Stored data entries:
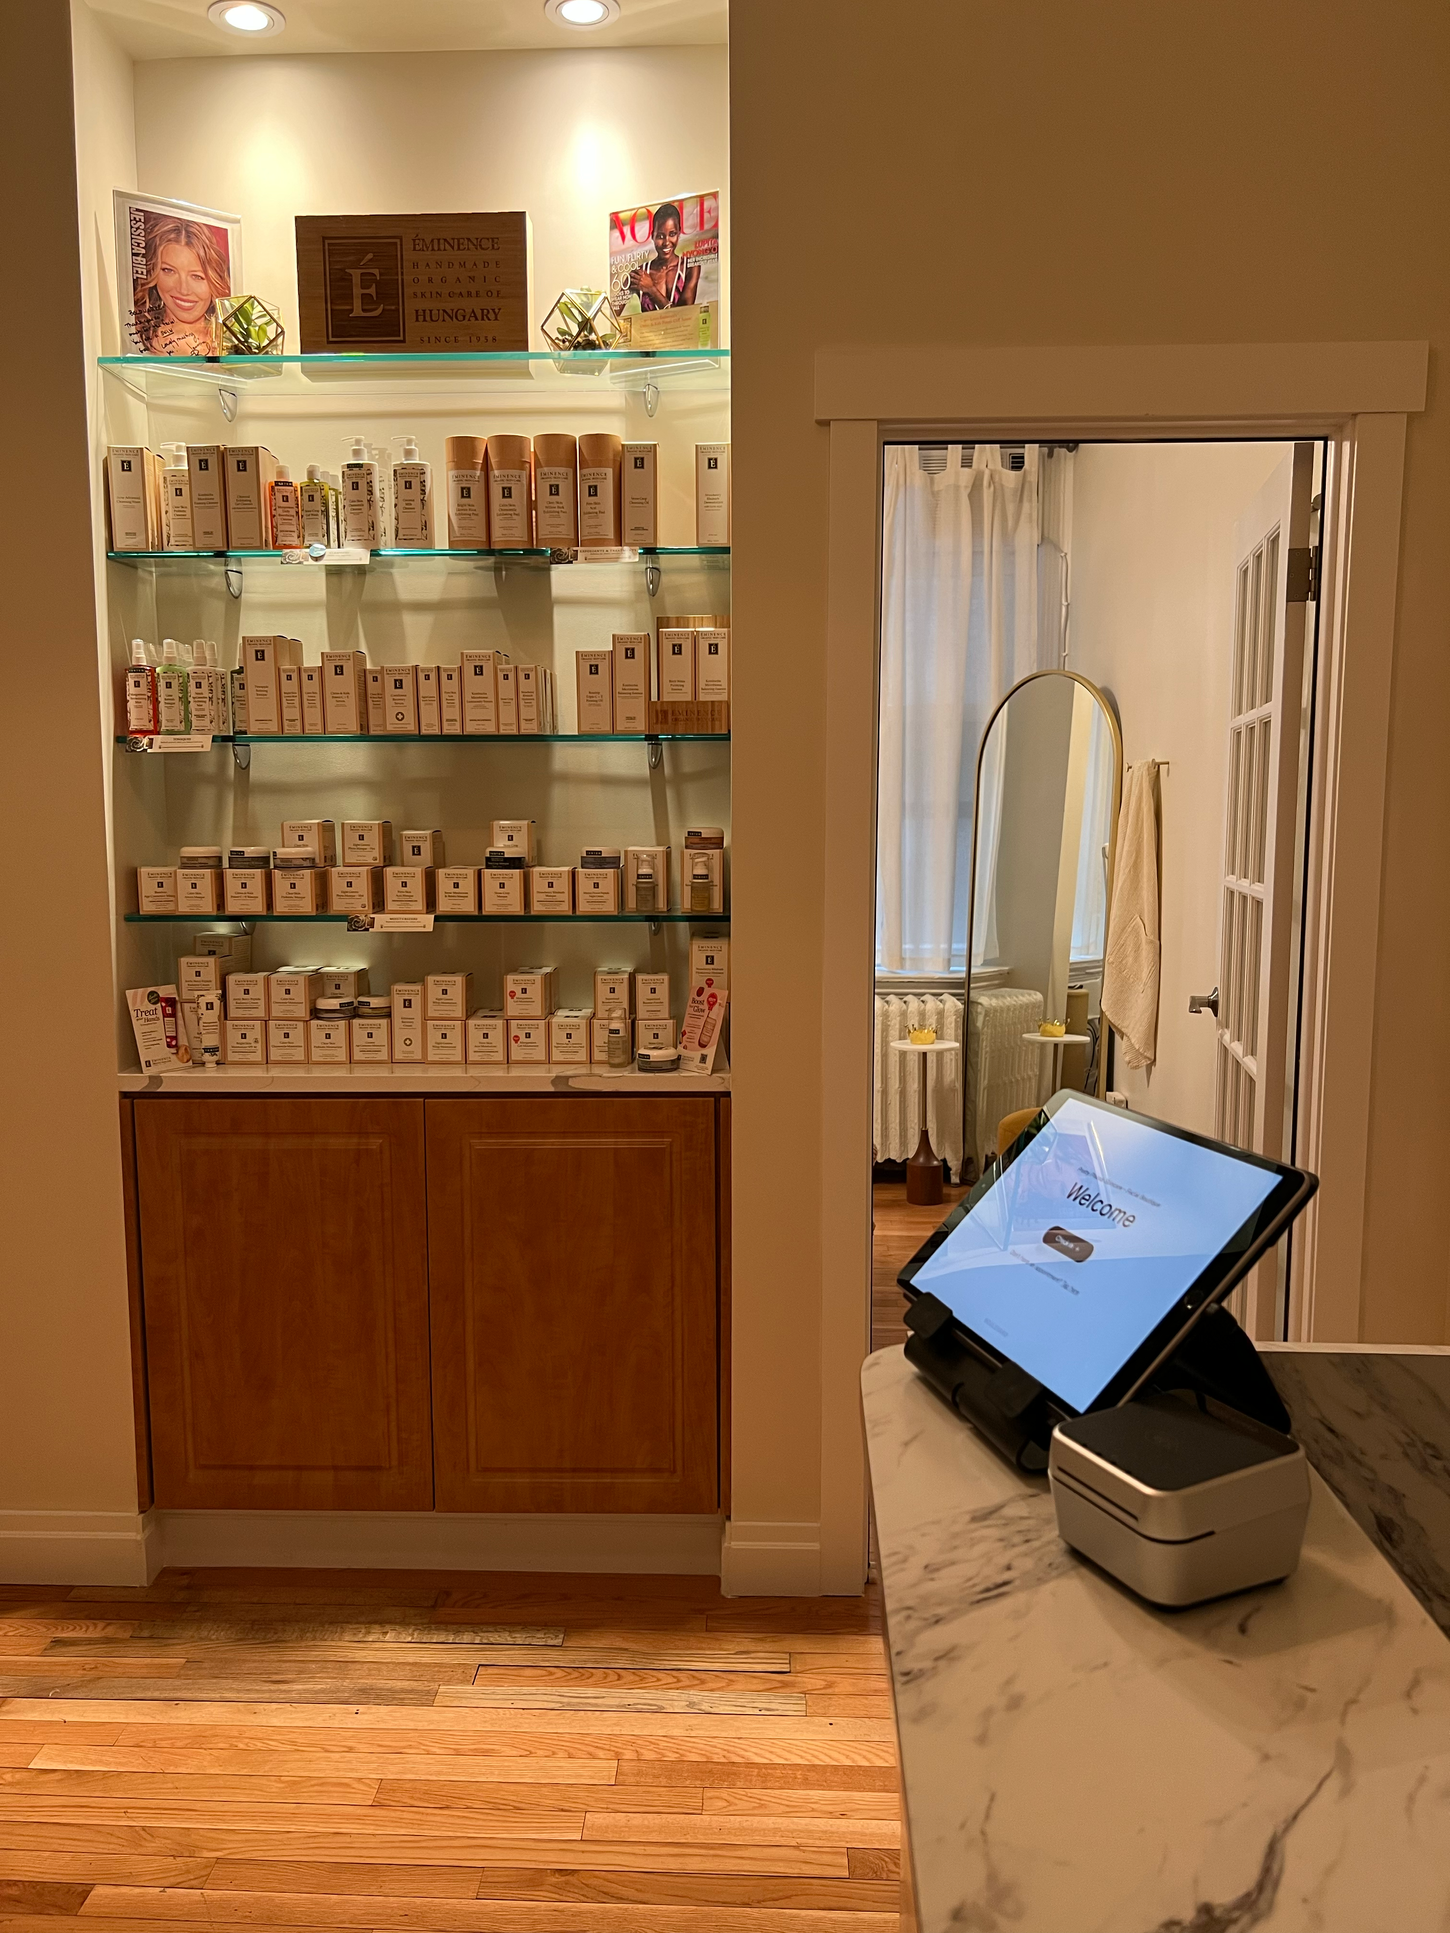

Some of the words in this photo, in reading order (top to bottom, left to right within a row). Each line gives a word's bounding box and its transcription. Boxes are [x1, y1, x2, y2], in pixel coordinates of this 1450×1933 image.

[610, 192, 718, 245] VOUE
[130, 206, 146, 254] JESSICA
[132, 256, 147, 280] BIEL
[412, 260, 501, 269] HANDMADE
[618, 261, 641, 272] COOL
[412, 275, 501, 284] ORGANIC
[611, 272, 631, 291] 60
[412, 290, 442, 299] SKIN
[448, 290, 482, 298] CARE
[486, 290, 502, 298] OF
[414, 307, 501, 322] HUNGARY
[419, 336, 459, 344] SINCE
[468, 335, 498, 344] 1958
[692, 997, 705, 1005] Boost
[134, 1007, 158, 1018] Treat
[1066, 1182, 1136, 1228] Welcome
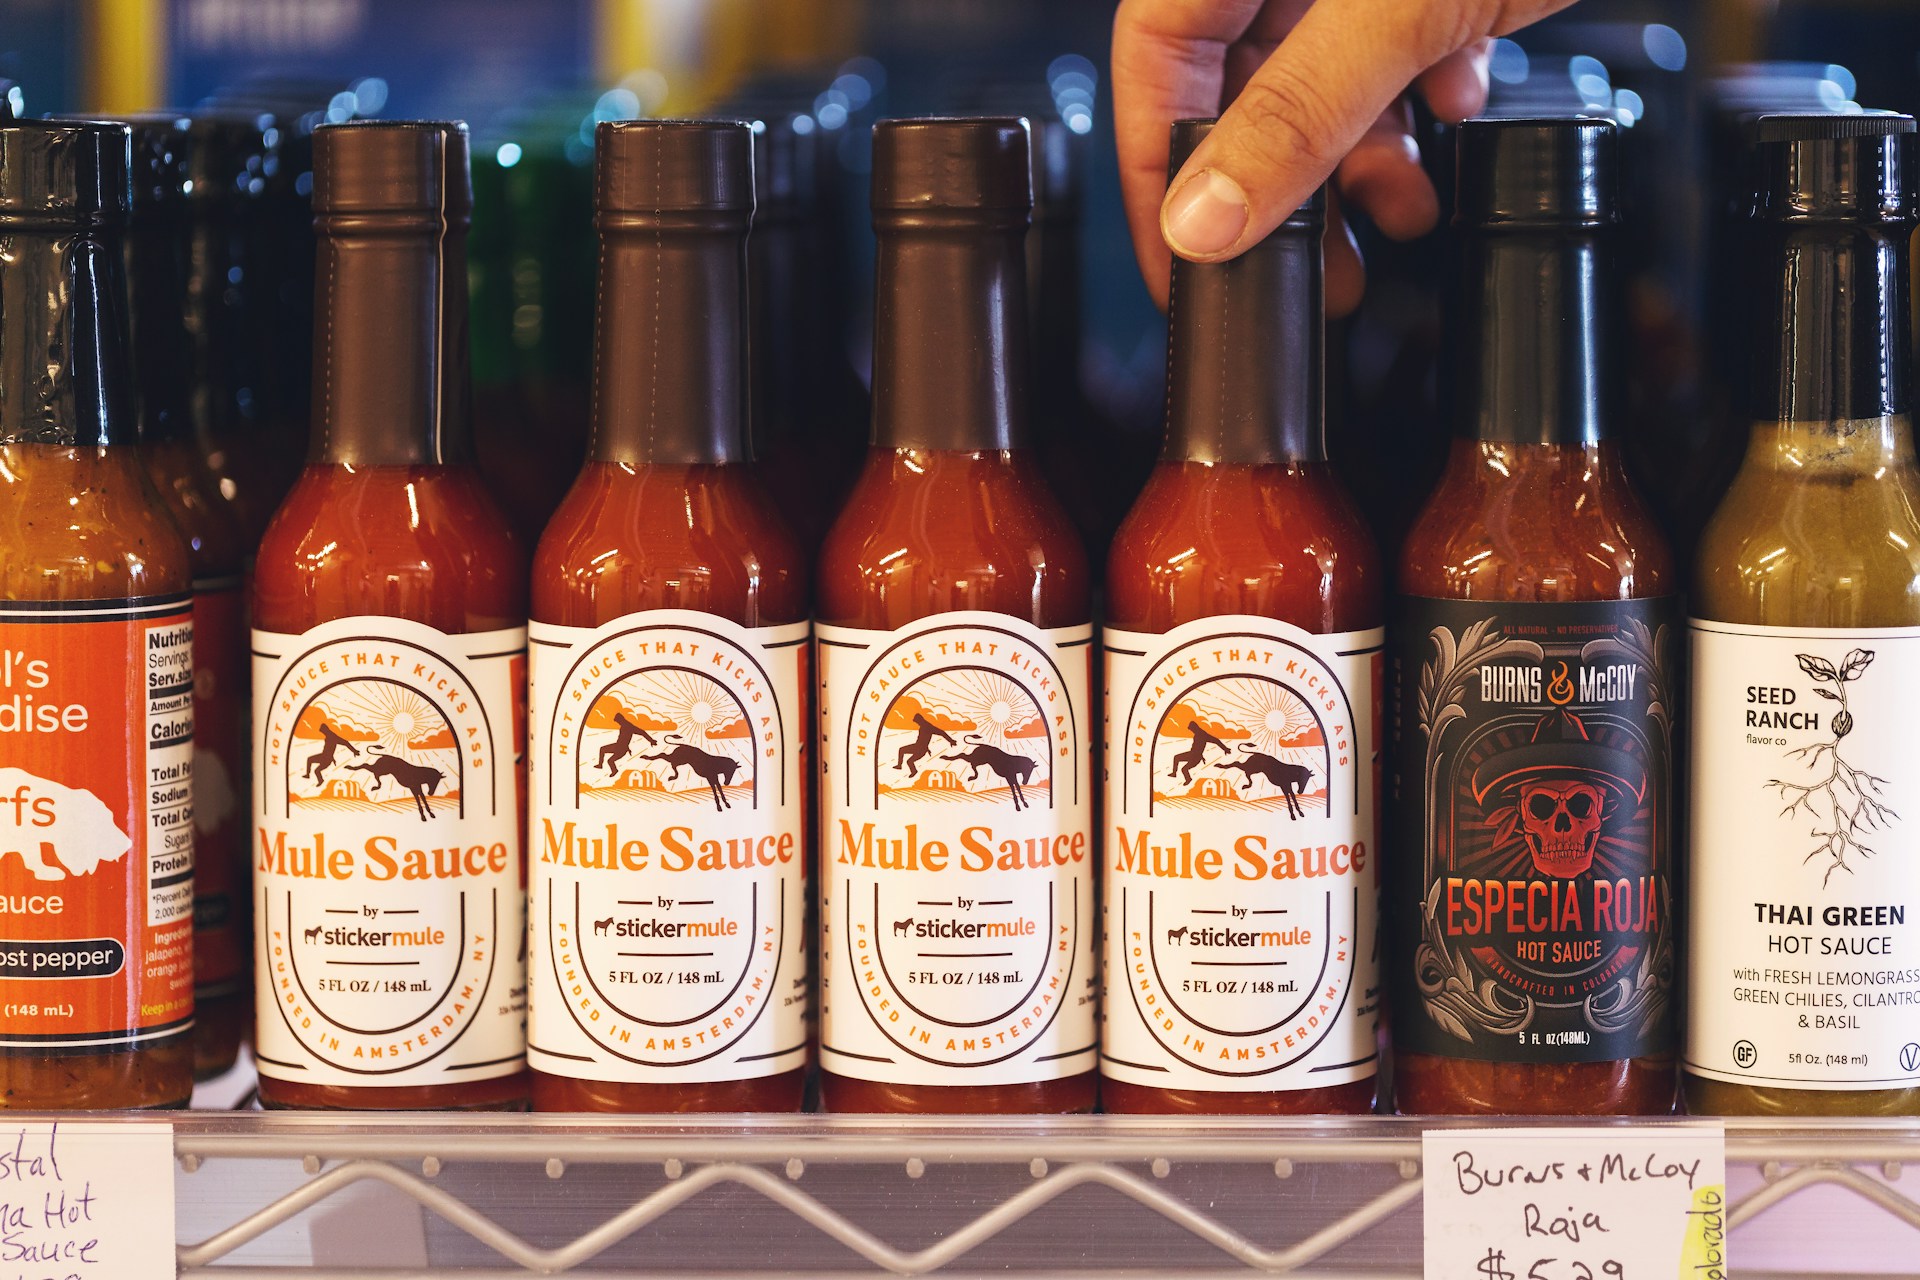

- Exercise requirements
Transcribe the data verbatim. No picture belongs in the result.

- Output for this task
Some of the words in this photo, in reading order (top to bottom, left to right within a row). Each line gives a word's bounding box and its transcription. Boxes are [x1, y1, x2, y2], in pixel coordinates of this 1450×1933 image.

[610, 192, 718, 245] VOUE
[130, 206, 146, 254] JESSICA
[132, 256, 147, 280] BIEL
[412, 260, 501, 269] HANDMADE
[618, 261, 641, 272] COOL
[412, 275, 501, 284] ORGANIC
[611, 272, 631, 291] 60
[412, 290, 442, 299] SKIN
[448, 290, 482, 298] CARE
[486, 290, 502, 298] OF
[414, 307, 501, 322] HUNGARY
[419, 336, 459, 344] SINCE
[468, 335, 498, 344] 1958
[692, 997, 705, 1005] Boost
[134, 1007, 158, 1018] Treat
[1066, 1182, 1136, 1228] Welcome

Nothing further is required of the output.